[Data]

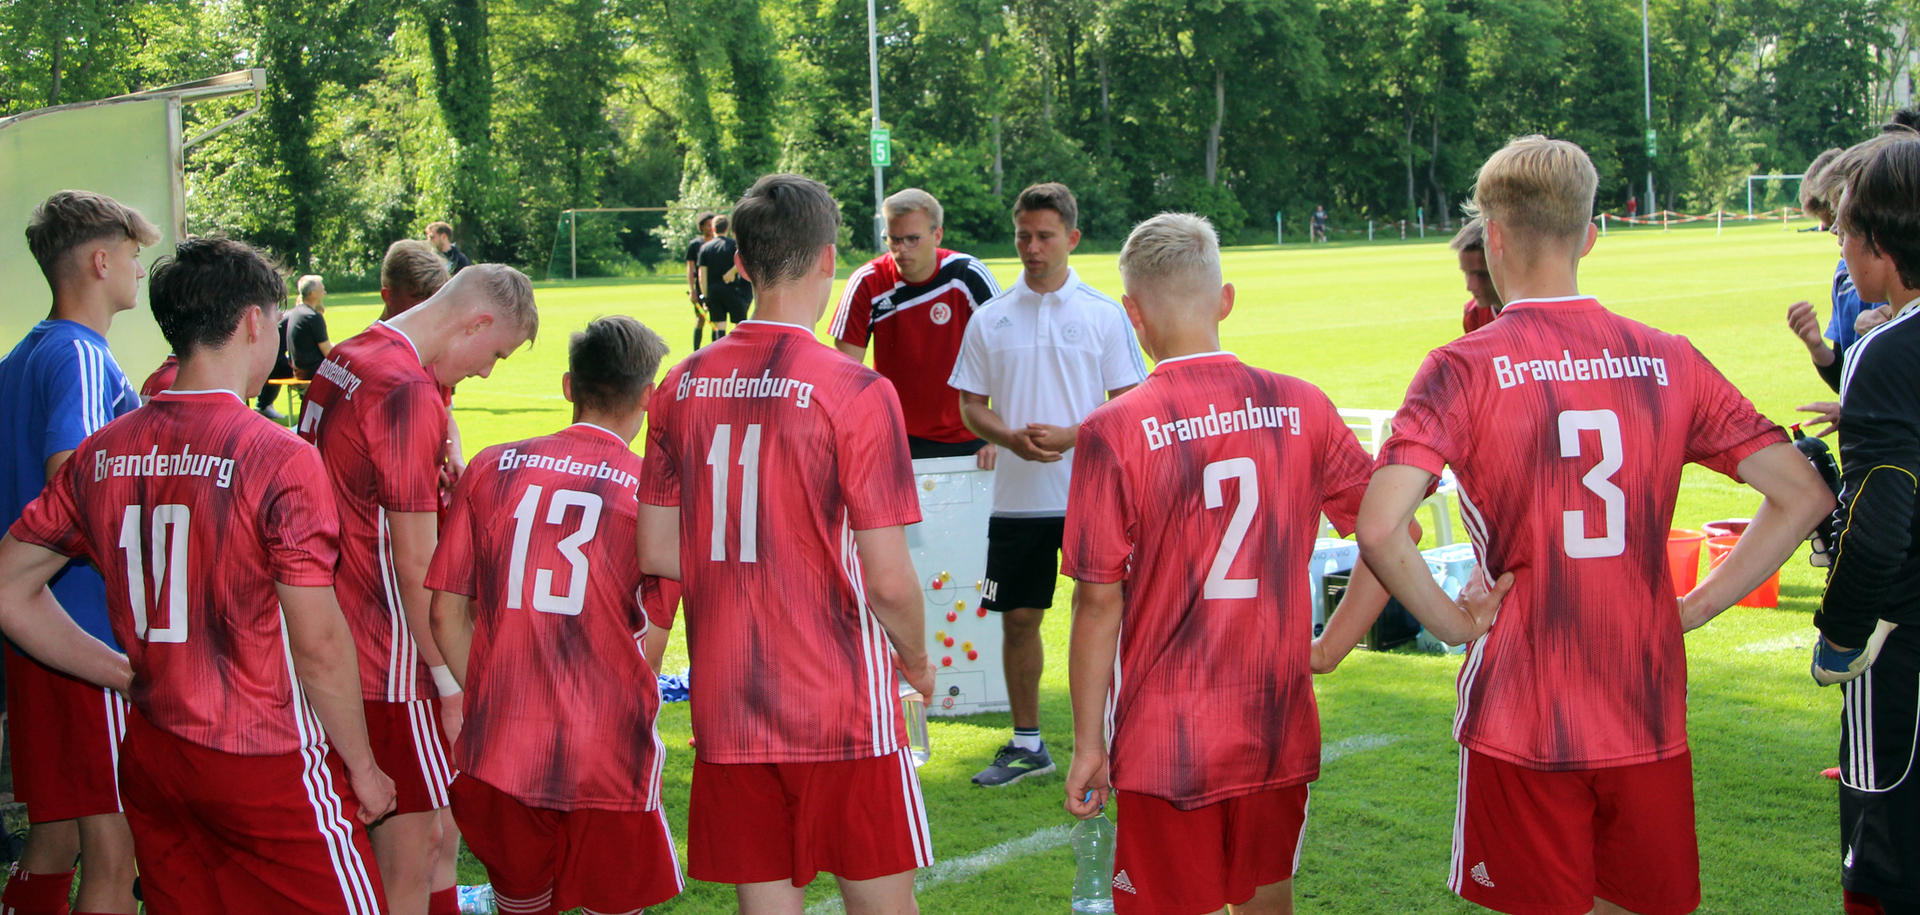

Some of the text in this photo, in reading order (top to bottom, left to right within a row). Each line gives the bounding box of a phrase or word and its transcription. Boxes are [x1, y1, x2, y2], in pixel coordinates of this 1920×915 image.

[876, 143, 886, 162] 5
[317, 355, 362, 401] andenburg
[676, 368, 815, 409] Brandenburg
[1493, 349, 1669, 390] Brandenburg
[1141, 397, 1301, 451] Brandenburg
[94, 444, 236, 489] Brandenburg
[1557, 408, 1626, 559] 3
[706, 423, 762, 563] 11
[506, 484, 603, 616] 13
[1203, 456, 1259, 600] 2
[119, 503, 191, 643] 10
[982, 578, 998, 602] LH
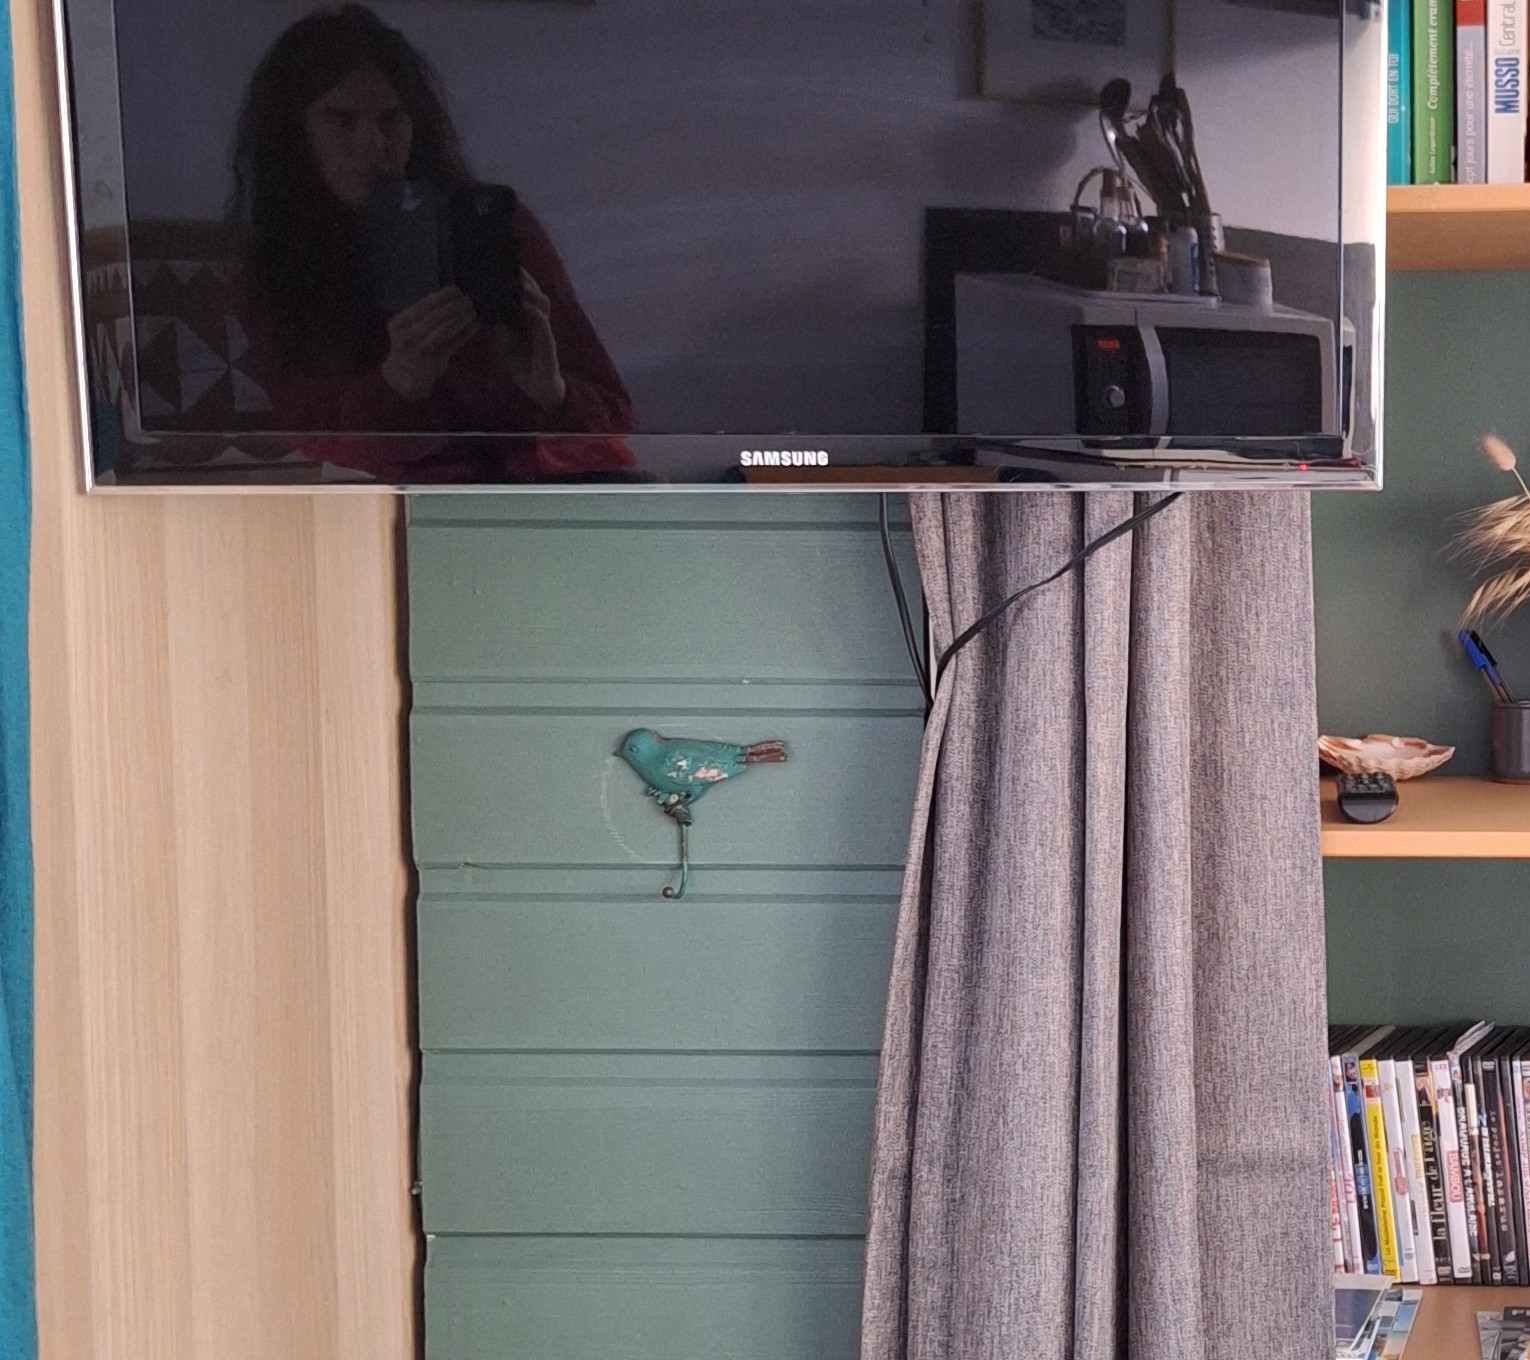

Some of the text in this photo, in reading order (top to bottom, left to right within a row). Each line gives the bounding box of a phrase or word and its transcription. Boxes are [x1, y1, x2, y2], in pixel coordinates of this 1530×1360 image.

[1494, 2, 1516, 47] Central
[1426, 28, 1440, 110] Complètement
[1494, 57, 1520, 114] MUSSO
[1464, 89, 1474, 110] une
[1464, 112, 1476, 137] pour
[1463, 139, 1476, 164] jours
[739, 450, 829, 467] SAMSUNG
[1426, 1164, 1439, 1181] de
[1447, 1151, 1462, 1201] BAMBOU
[1430, 1186, 1445, 1223] fleur
[1433, 1228, 1447, 1241] la

[/Data]

> _Your objective_
The records are to be returned word for word, without any of their pictures.

> _Answer area_
Some of the text in this photo, in reading order (top to bottom, left to right within a row). Each line gives the bounding box of a phrase or word and its transcription. Boxes are [x1, y1, x2, y2], in pixel coordinates of this 1920×915 image.

[876, 143, 886, 162] 5
[317, 355, 362, 401] andenburg
[676, 368, 815, 409] Brandenburg
[1493, 349, 1669, 390] Brandenburg
[1141, 397, 1301, 451] Brandenburg
[94, 444, 236, 489] Brandenburg
[1557, 408, 1626, 559] 3
[706, 423, 762, 563] 11
[506, 484, 603, 616] 13
[1203, 456, 1259, 600] 2
[119, 503, 191, 643] 10
[982, 578, 998, 602] LH

Some of the text in this photo, in reading order (top to bottom, left to right within a row). Each line gives the bounding box of a phrase or word and its transcription. Boxes are [x1, y1, x2, y2], in pixel coordinates of this 1530×1360 image.

[1494, 2, 1516, 47] Central
[1426, 28, 1440, 110] Complètement
[1494, 57, 1520, 114] MUSSO
[1464, 89, 1474, 110] une
[1464, 112, 1476, 137] pour
[1463, 139, 1476, 164] jours
[739, 450, 829, 467] SAMSUNG
[1426, 1164, 1439, 1181] de
[1447, 1151, 1462, 1201] BAMBOU
[1430, 1186, 1445, 1223] fleur
[1433, 1228, 1447, 1241] la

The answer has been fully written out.